:: Recorded data ::
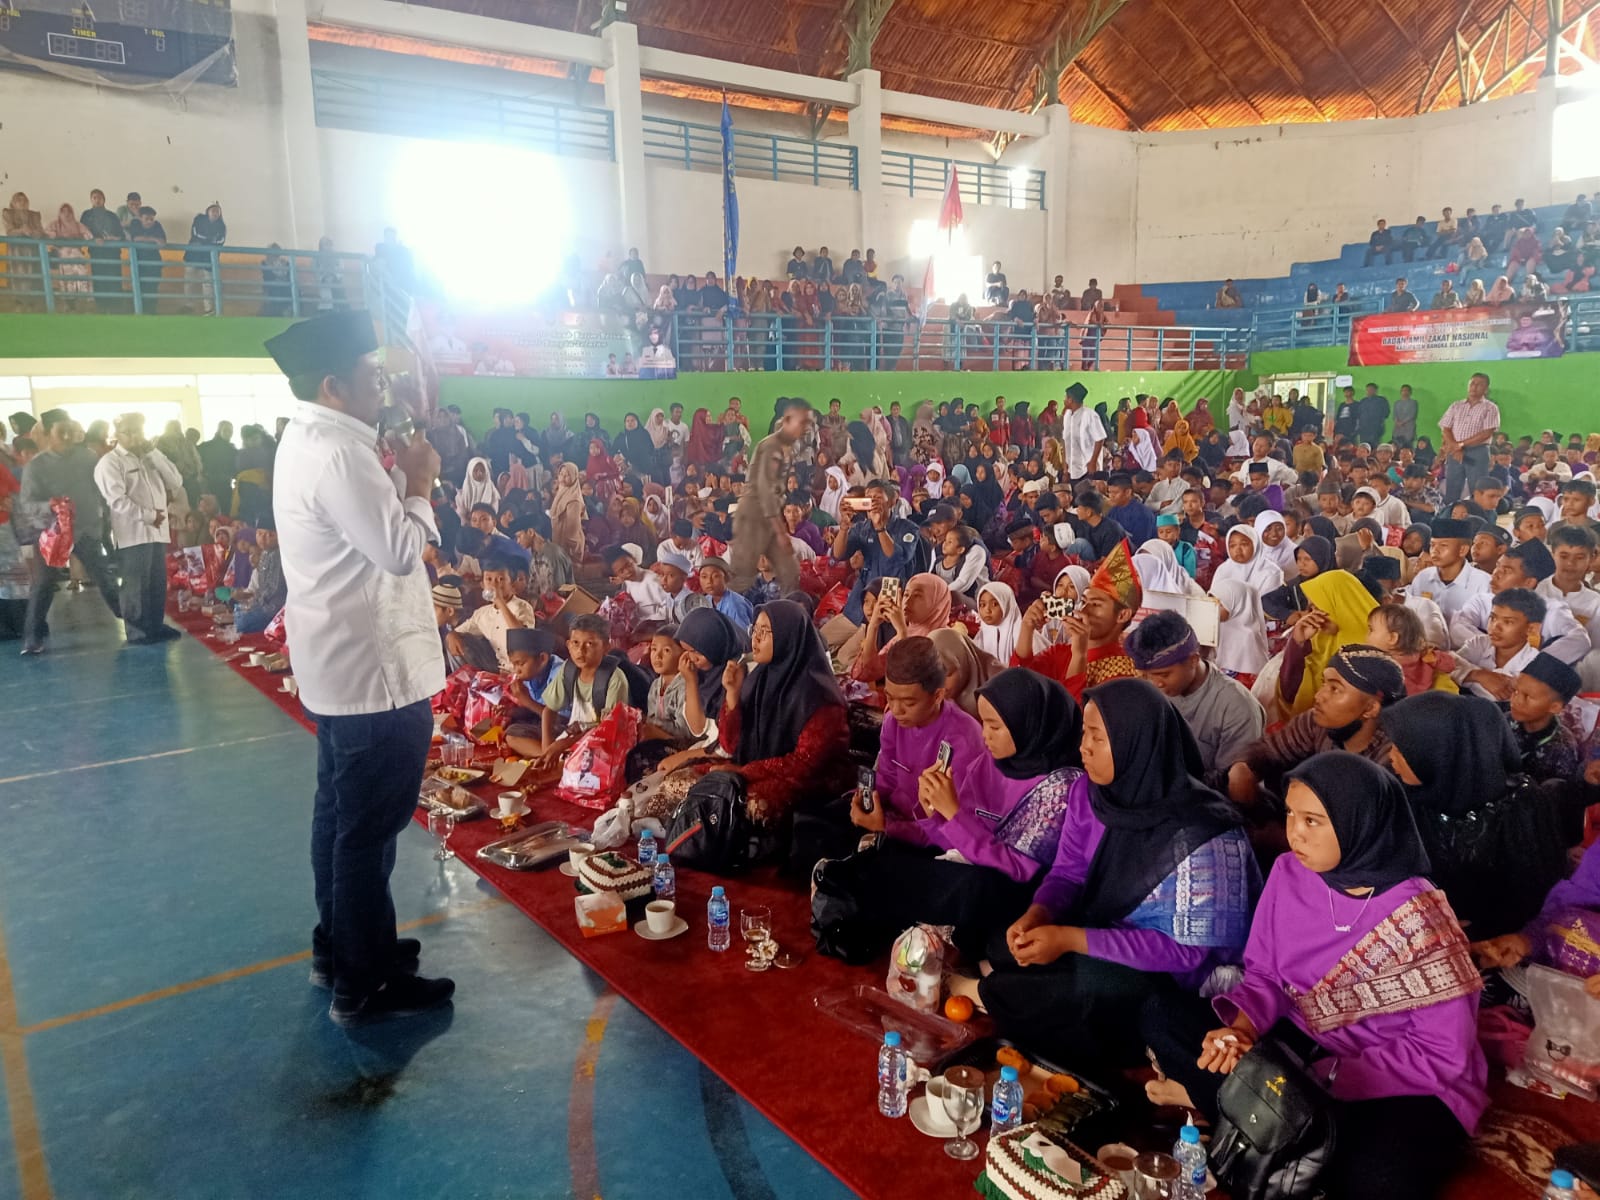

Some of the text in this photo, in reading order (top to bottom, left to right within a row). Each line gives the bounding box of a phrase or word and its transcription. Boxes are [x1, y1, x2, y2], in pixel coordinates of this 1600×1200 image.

[72, 28, 96, 38] TIMER
[1383, 332, 1488, 345] BADAN AMIL ZAKAT NASIONAL
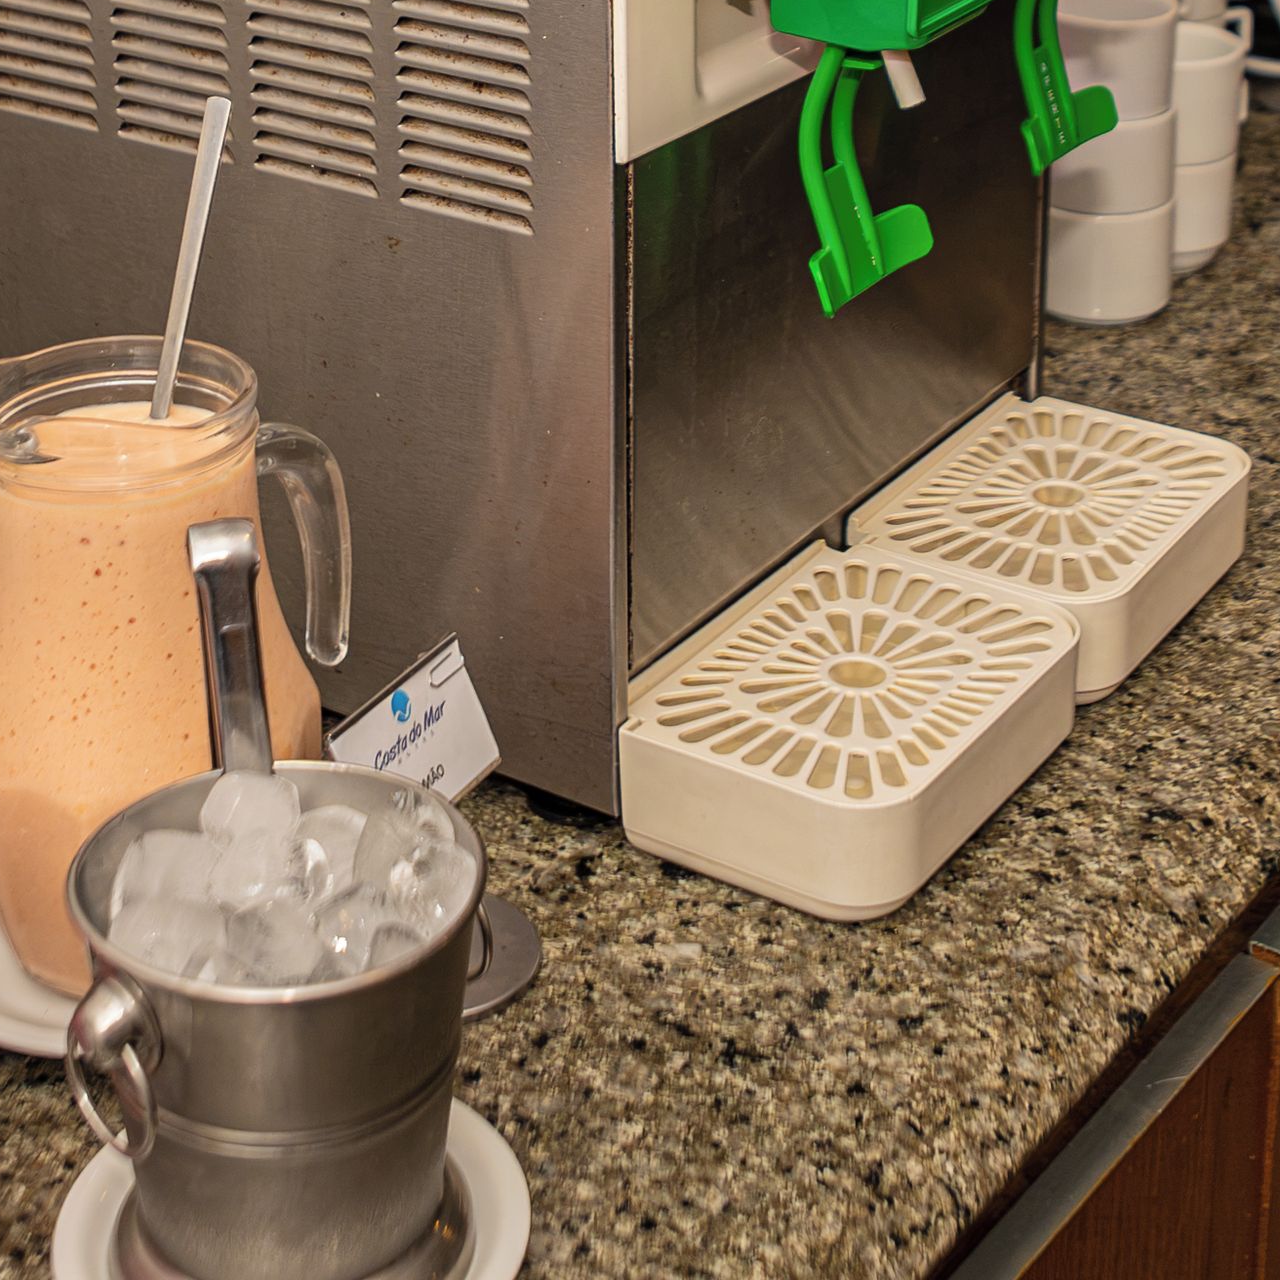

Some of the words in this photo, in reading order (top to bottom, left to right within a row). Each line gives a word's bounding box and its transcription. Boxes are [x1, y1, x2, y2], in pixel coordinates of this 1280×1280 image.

[374, 733, 408, 771] Costa
[409, 720, 422, 744] do
[423, 700, 446, 731] Mar
[421, 763, 445, 790] MÃO
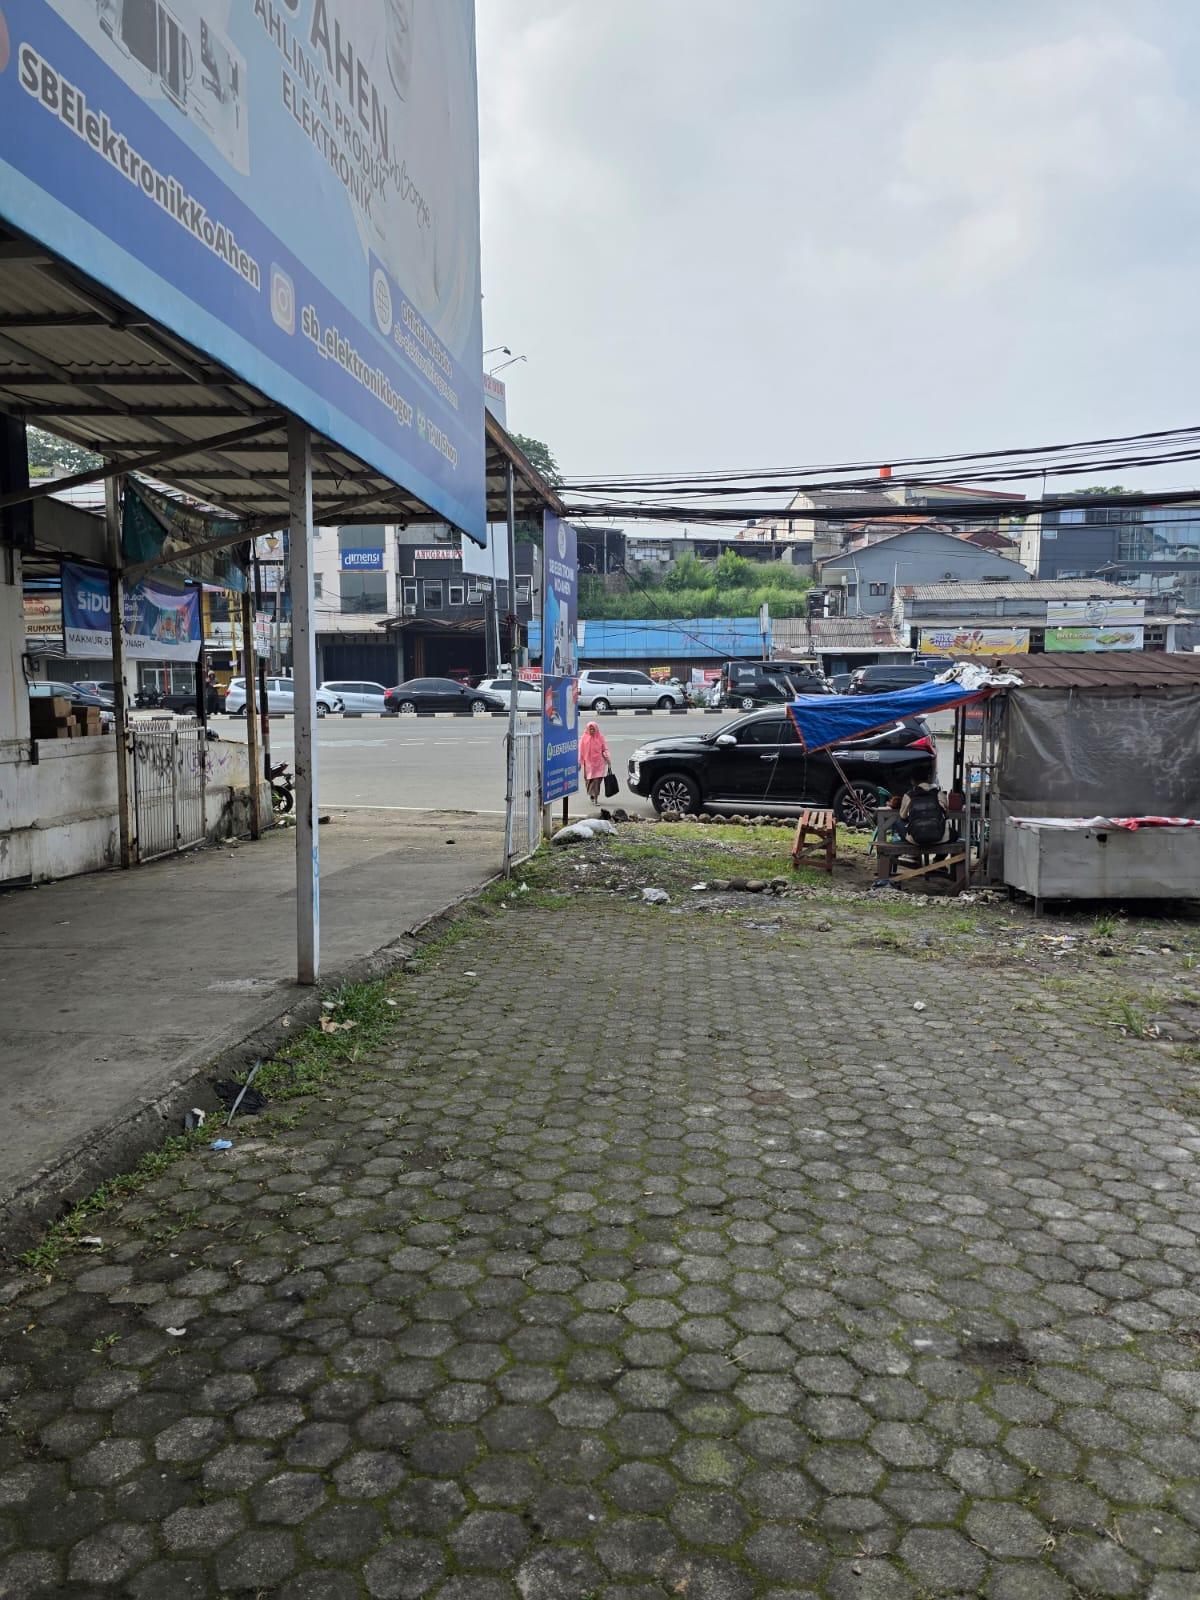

:: Task brief ::
Your task is to copy word for word the lines from the line containing "Some of the words" to the end of the listing, both included, and to drop any pictures.

:: Task output ::
Some of the words in this photo, in reading order (top to bottom, left to right within a row). Each line gives a word's bounding box and its transcription. Boxes are [x1, y1, x2, y2], in pixel coordinates of this 1280×1280 image.

[374, 733, 408, 771] Costa
[409, 720, 422, 744] do
[423, 700, 446, 731] Mar
[421, 763, 445, 790] MÃO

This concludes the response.